TASK TO CARRY OUT: Since only the text is wanted, print every entry below exactly and omit the images.
+--
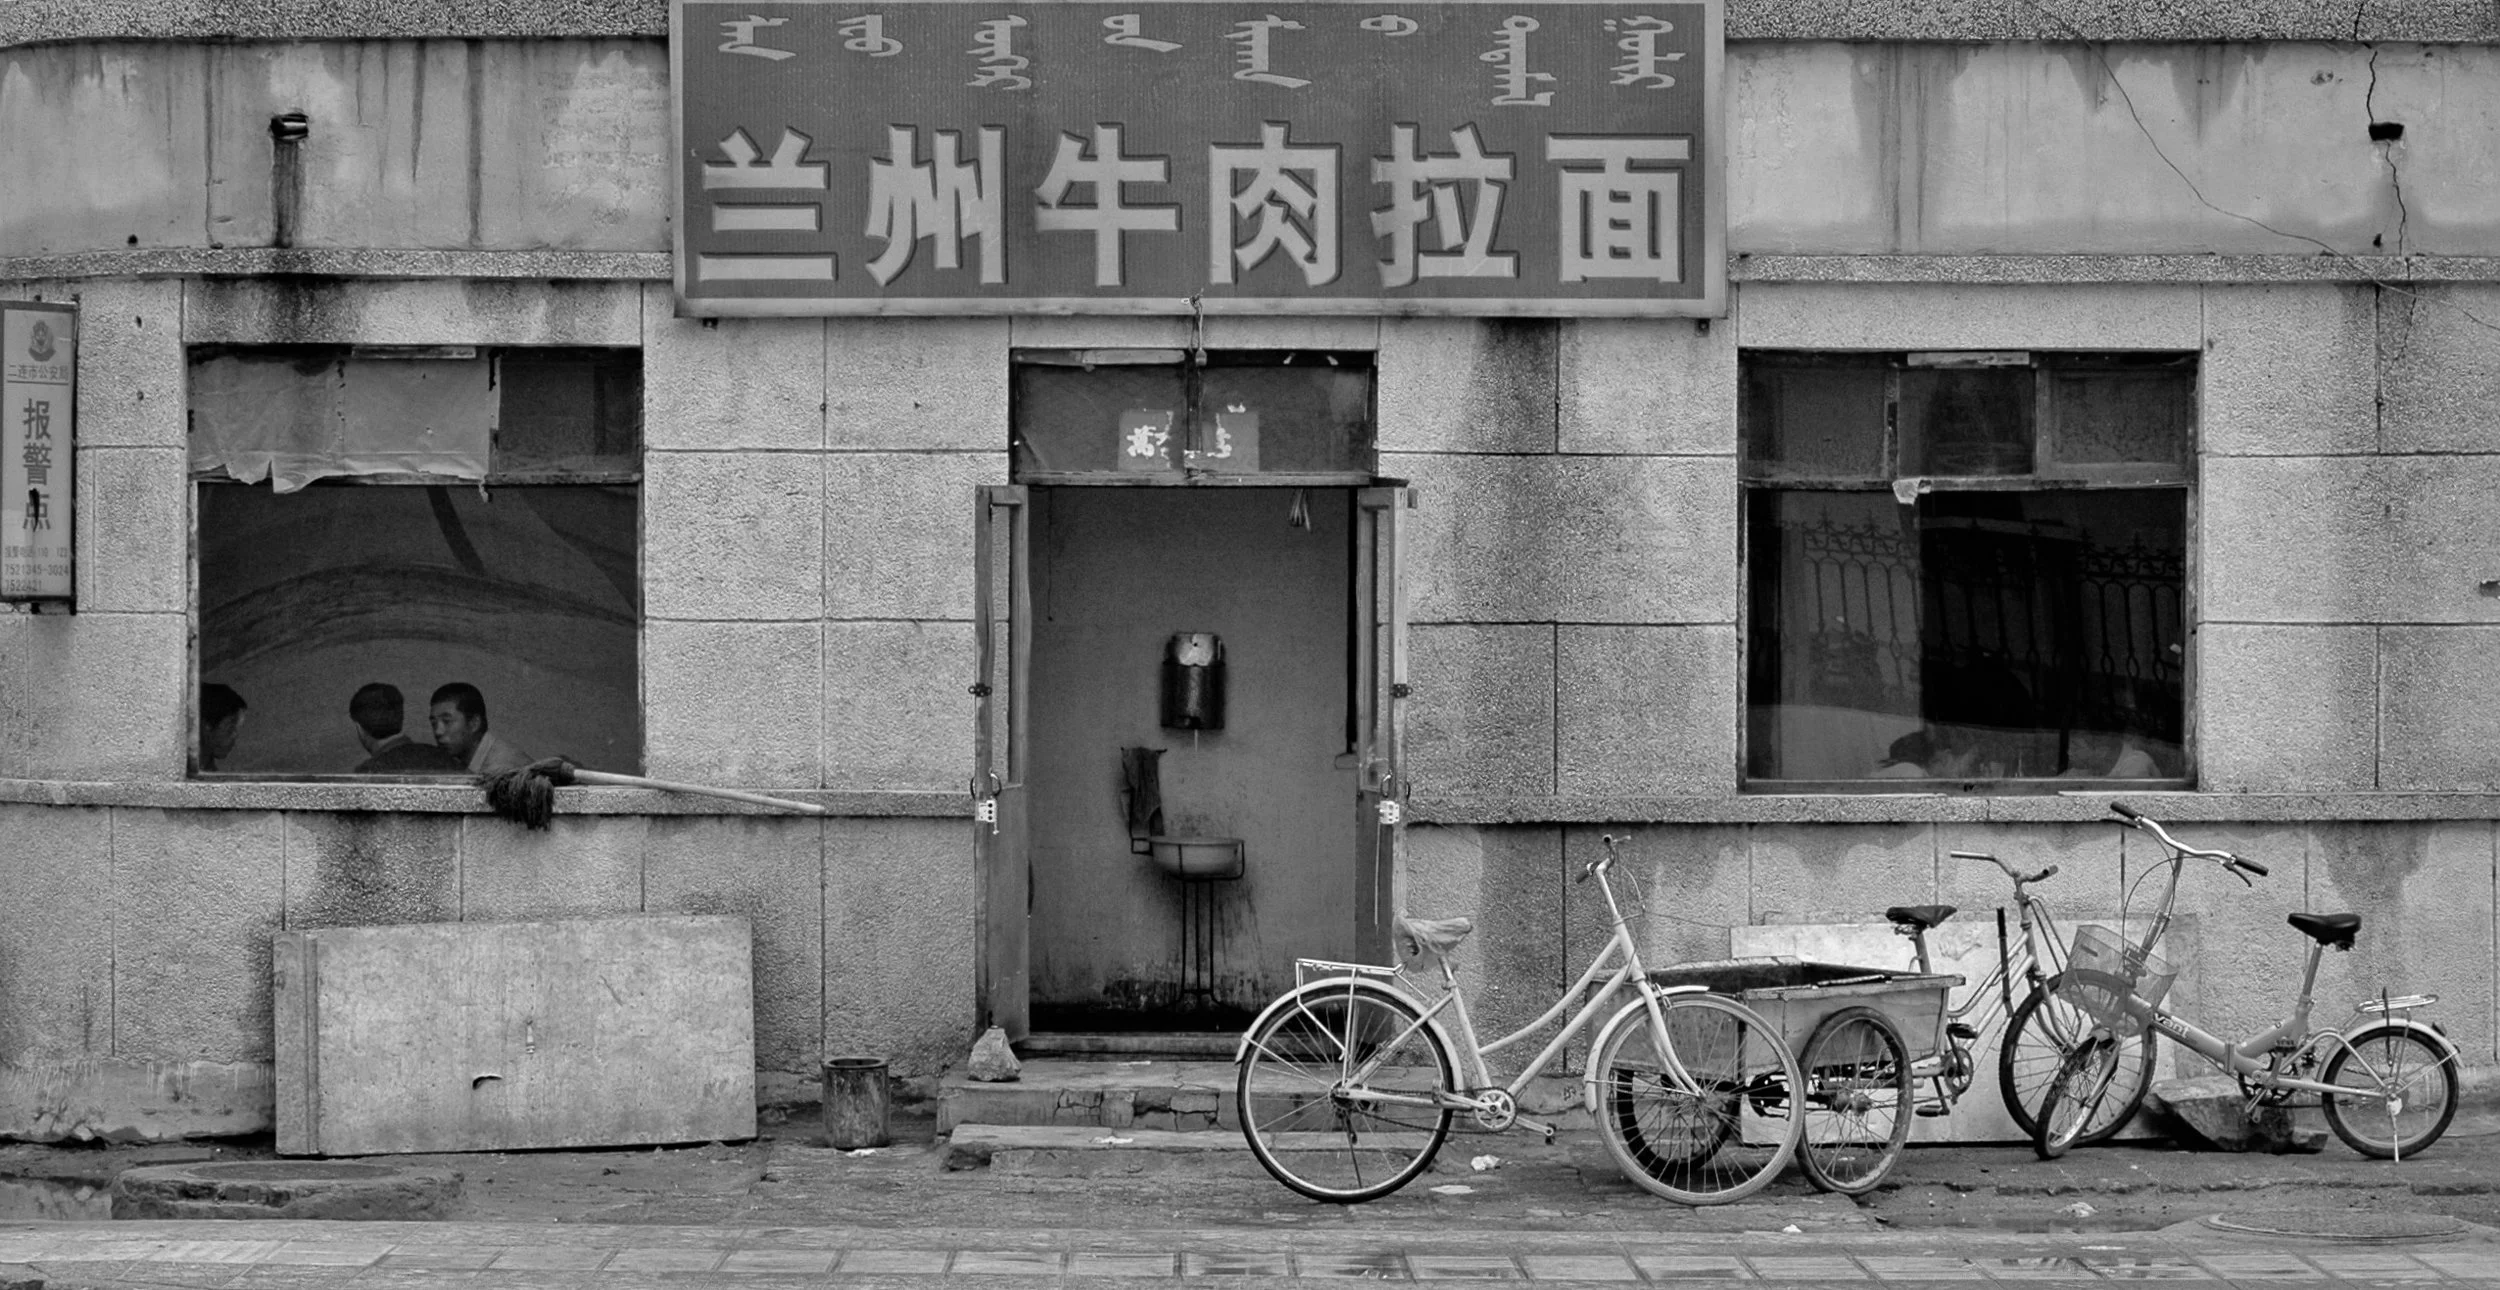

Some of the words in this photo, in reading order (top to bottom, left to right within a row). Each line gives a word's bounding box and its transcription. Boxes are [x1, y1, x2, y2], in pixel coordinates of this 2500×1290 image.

[699, 121, 1694, 288] 兰州牛肉拉面
[22, 398, 52, 531] 报警点
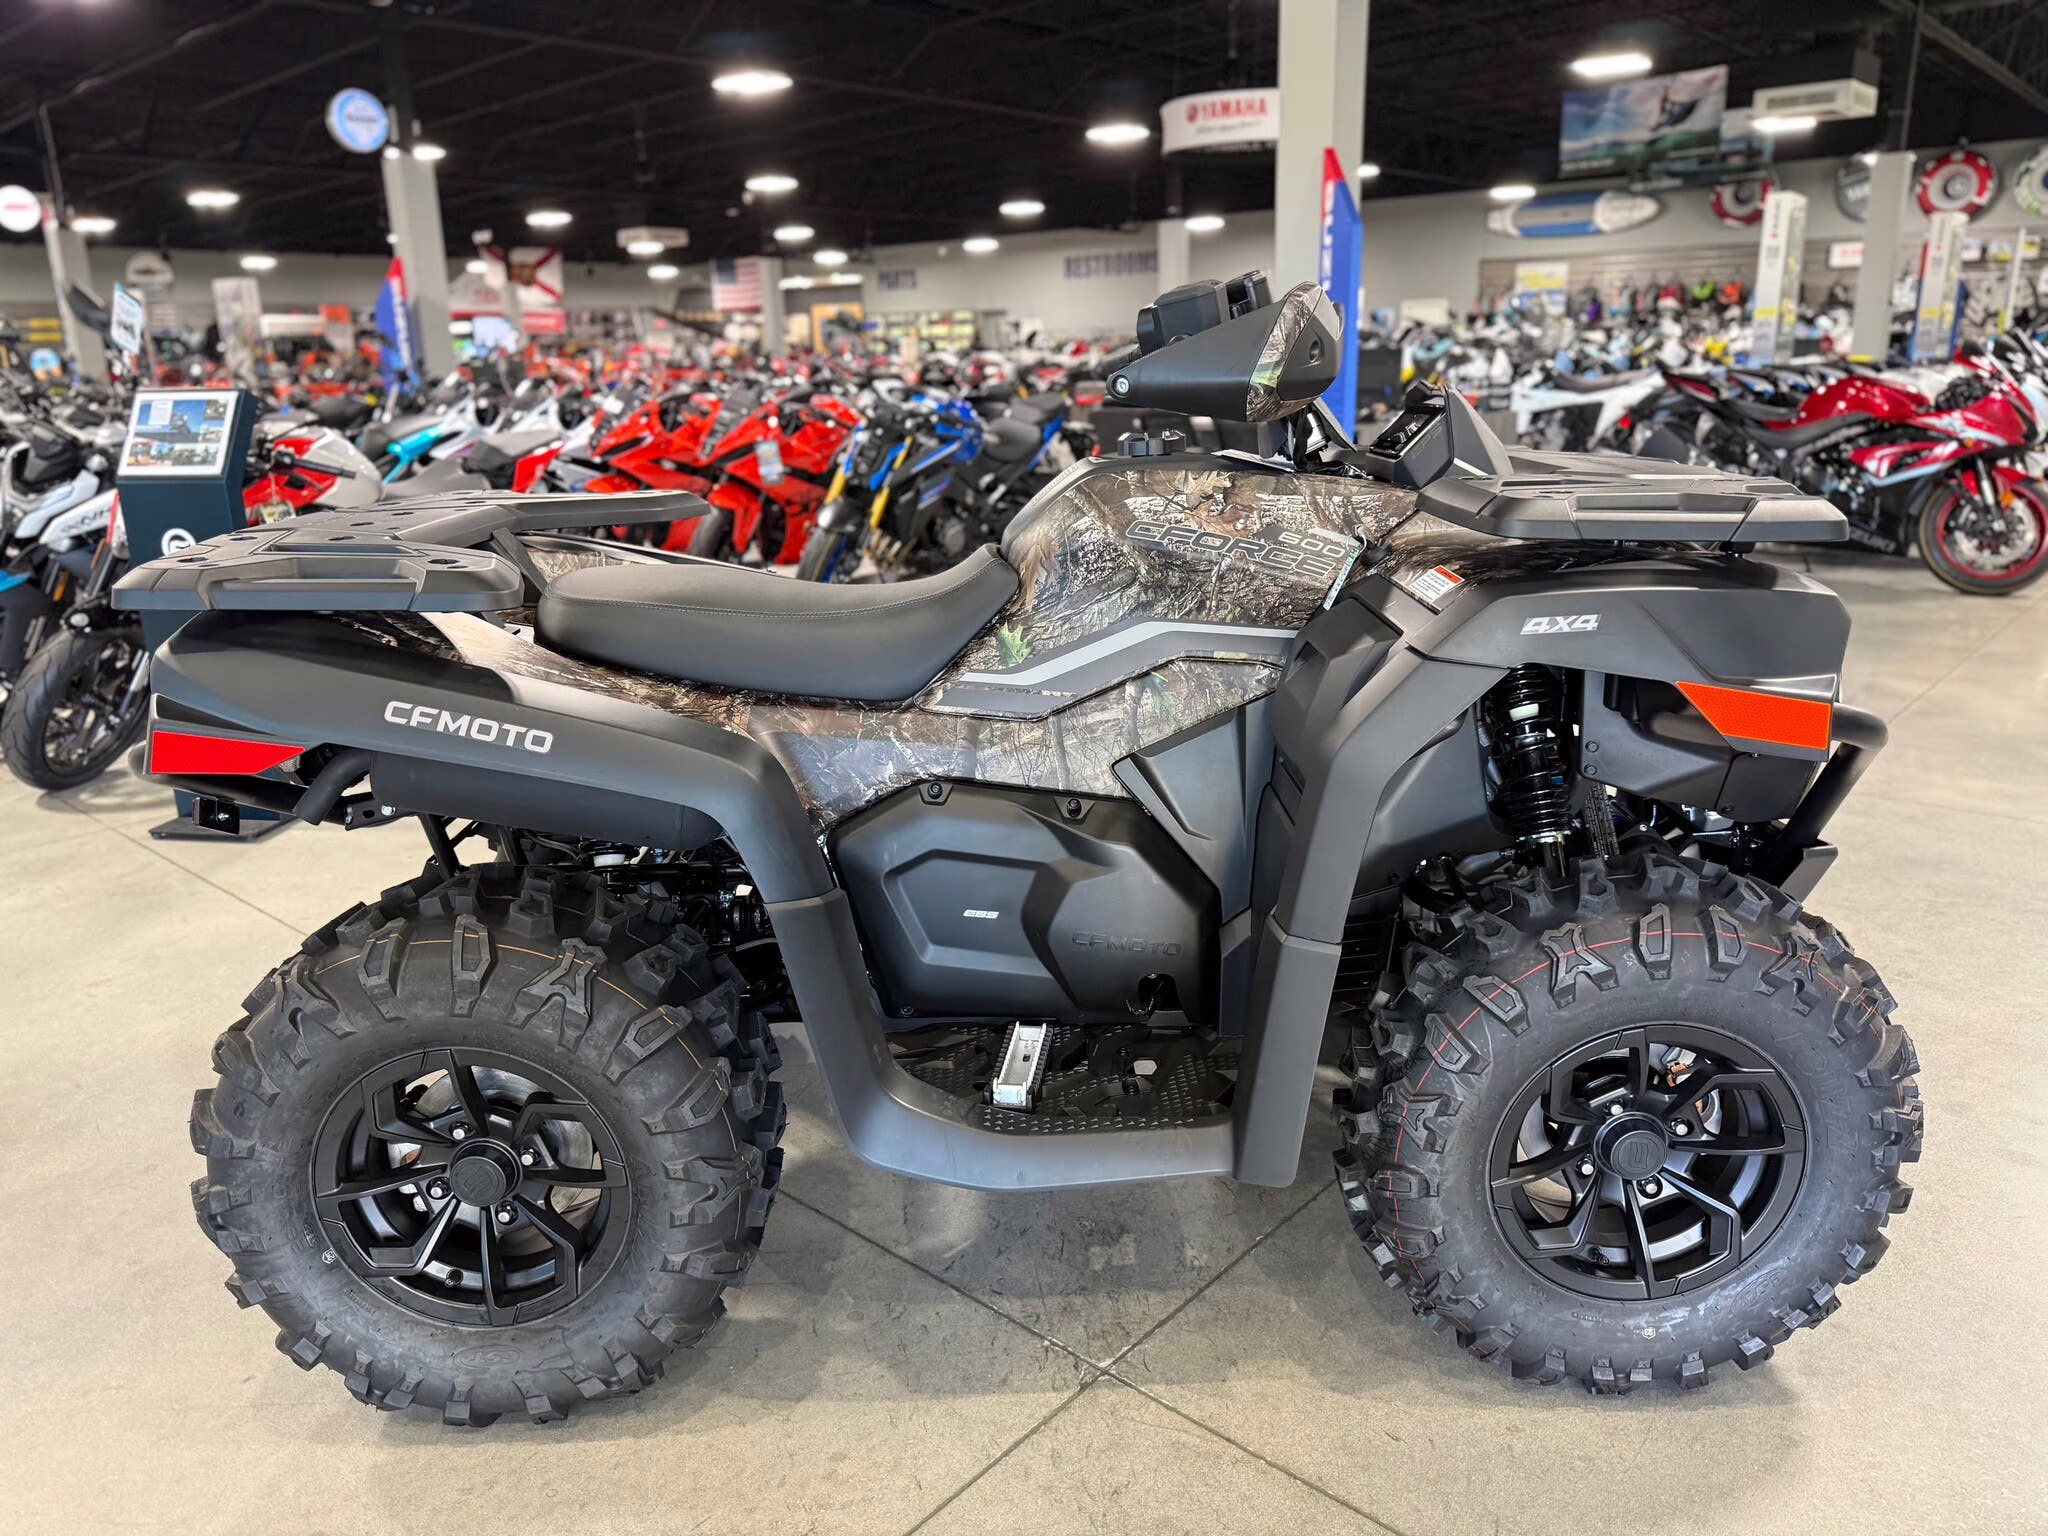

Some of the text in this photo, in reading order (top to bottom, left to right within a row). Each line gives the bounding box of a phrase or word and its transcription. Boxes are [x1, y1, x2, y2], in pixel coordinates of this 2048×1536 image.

[1201, 96, 1267, 120] YAMAHA
[1126, 519, 1336, 577] CFORCE
[384, 700, 554, 754] CFMOTO
[1072, 932, 1182, 957] CFMOTO
+--
EXERCISE OUTPUT:
Some of the words in this photo, in reading order (top to bottom, left to right within a row). Each line gives a word's bounding box and its transcription. Boxes are [x1, y1, x2, y2], in pixel coordinates of this 2500×1290 image.

[699, 121, 1694, 288] 兰州牛肉拉面
[22, 398, 52, 531] 报警点

Some of the text in this photo, in reading order (top to bottom, left to right within a row). Each line gives the bounding box of a phrase or word and its transcription. Boxes are [x1, y1, x2, y2], in pixel coordinates of this 2048×1536 image.

[1201, 96, 1267, 120] YAMAHA
[1126, 519, 1336, 577] CFORCE
[384, 700, 554, 754] CFMOTO
[1072, 932, 1182, 957] CFMOTO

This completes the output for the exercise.